Use Emojis and Other Tips to Make Customer Service More Personal

Even when conducted online, customer service should always have a personal touch. With conversational interfaces being hotter than ever, and big data offering personal experience to the customers, you have to value your customer service more than ever before. But how can you do that?

Don’t treat incoming queries like “tickets”, instead focus on making your users feel involved in a one-on-one conversation. If you need some direct tips for pulling that off, here are few to get you started:

Talk Like Humans

The problem with most customer service is that the reps sound faceless and overly professional. Canned replies and duplicate messages make customers doubt whether they are speaking to another human being or an auto-reply bot (and there’s nothing worst than the latter).

The basics should include addressing your customer by their first name, asking how they are doing and making some small talk comment. Most likely, the customer will mirror your tone and be equally friendly and reasonable. Train your reps to use the right vocabulary to persuade, comfort and sound genuinely compassionate and reassuring. Side with your customer and pretend you are on the same rally with them and fighting for the same cause. Don’t try to negatively about other reps – that wouldn’t make you look good for sure.

Explain in Multiple Ways

Stop telling people where to click and instead, show them. Make sure your staff is prepared and eloquent enough to try different approaches for breaking down the concept – a step-by-step list, a GIF, a short video – whatever that works best.

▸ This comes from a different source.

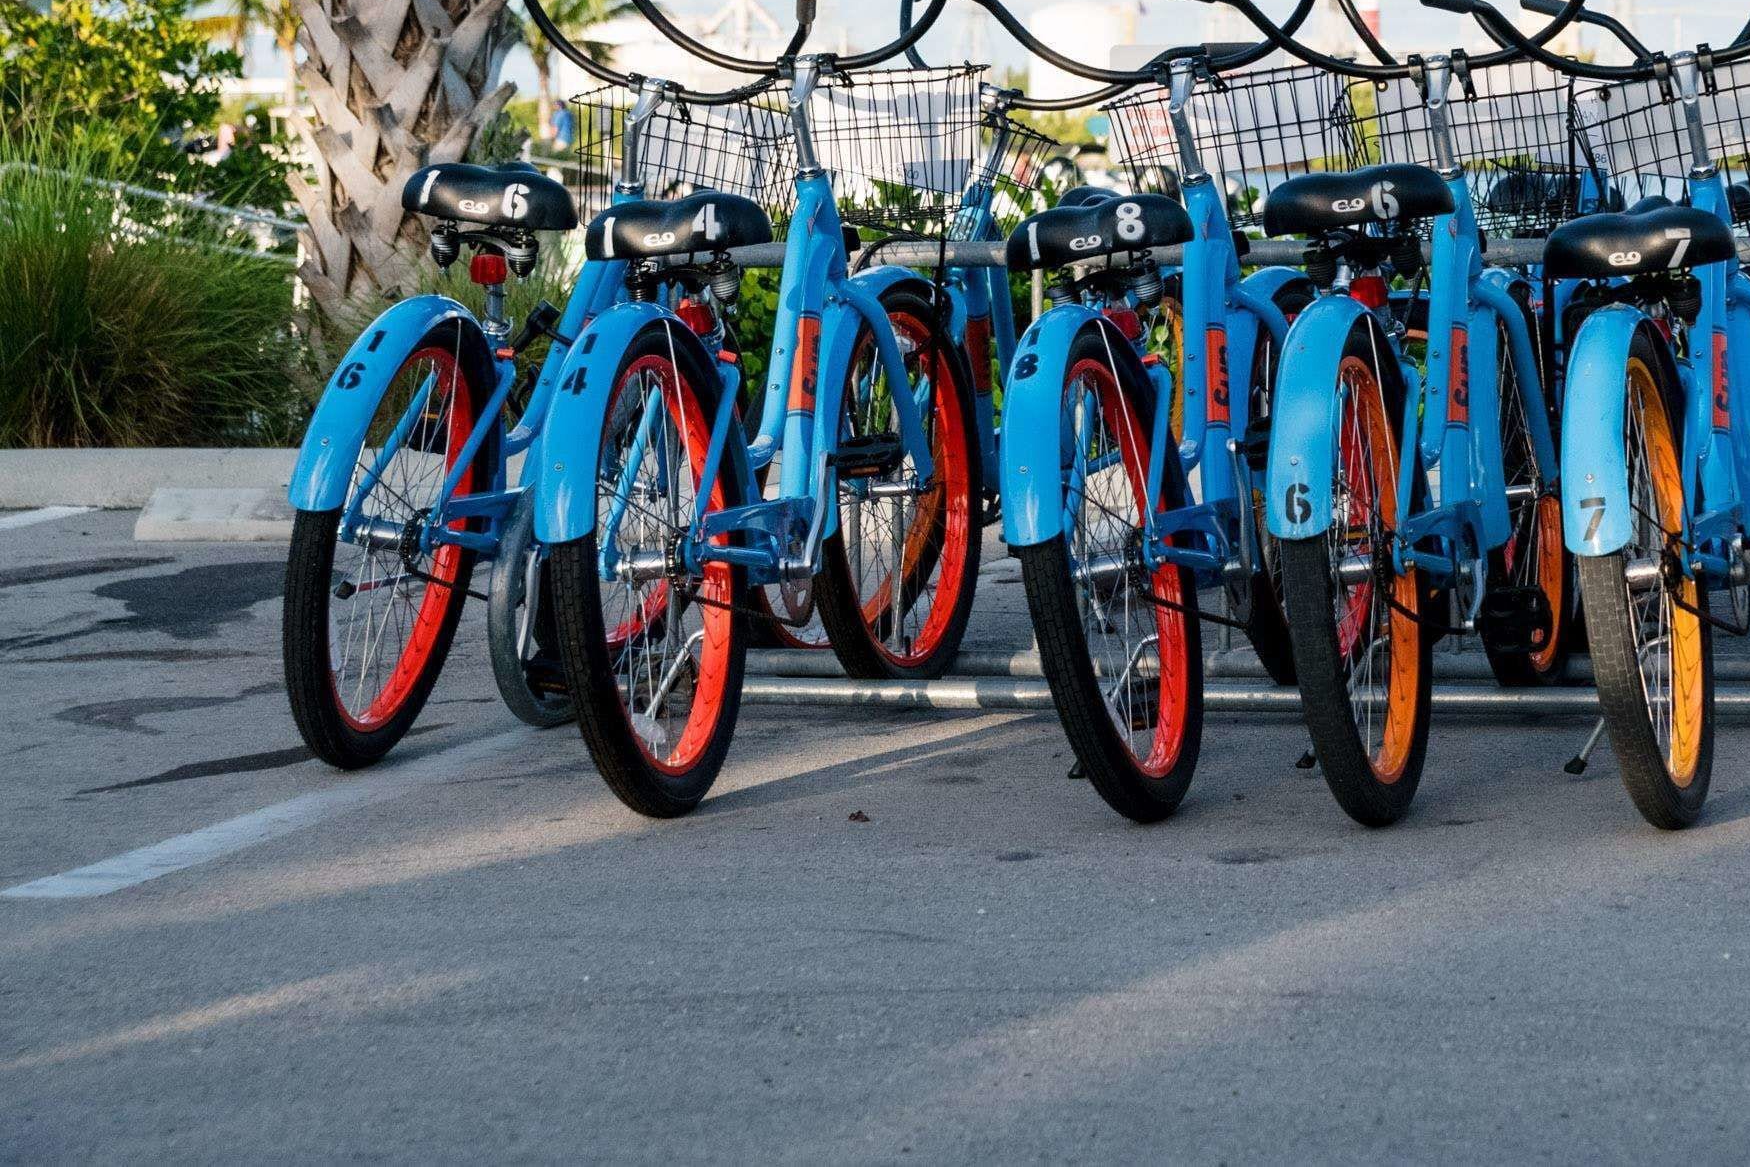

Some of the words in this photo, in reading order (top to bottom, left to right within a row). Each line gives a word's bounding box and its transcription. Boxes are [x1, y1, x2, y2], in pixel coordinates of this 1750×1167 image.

Additionally, you can choose to offer support in different forms. Start shooting explainer videos based on the popular FAQ and featuring them on your channel. This way you’ll increase your brand visibility and reduce the incoming load of issue and the time needed for each customer service. Snapchat can be another great channel to offer customer support.

Don’t Shy Away from Emojis

Younger peeps will definitely enjoy the less formal tone of the conversation and the use of emojis (which are faster to type and can convey the same message). Just train your staff to use them when appropriately, rather than turning the whole conversation into one huge emoji list with zero sense. After all, there is nothing young people love more than older people trying to assimilate their culture.

No Assumptions 

Don’t assume your customer is design-savvy if he just bought some premium software. He might be a humble beginner still unfamiliar with all the professional terms. Likewise, don’t think the person on the other end knows anything. Your customer service reps should maintain the proper balance and pitch the right reply depending on the situation. Making assumptions too quickly can make you appear arrogant or disrespectful.

Don’t Over-Promise

There’s nothing more frustrating than getting a promise that your issue will be fixed and waiting for a week till the solution is found.  Stay honest with what you can do for the customer and how long will it take. Over-promising and subsequently under-delivering makes you lose your reputation and leaves the customer frustrated.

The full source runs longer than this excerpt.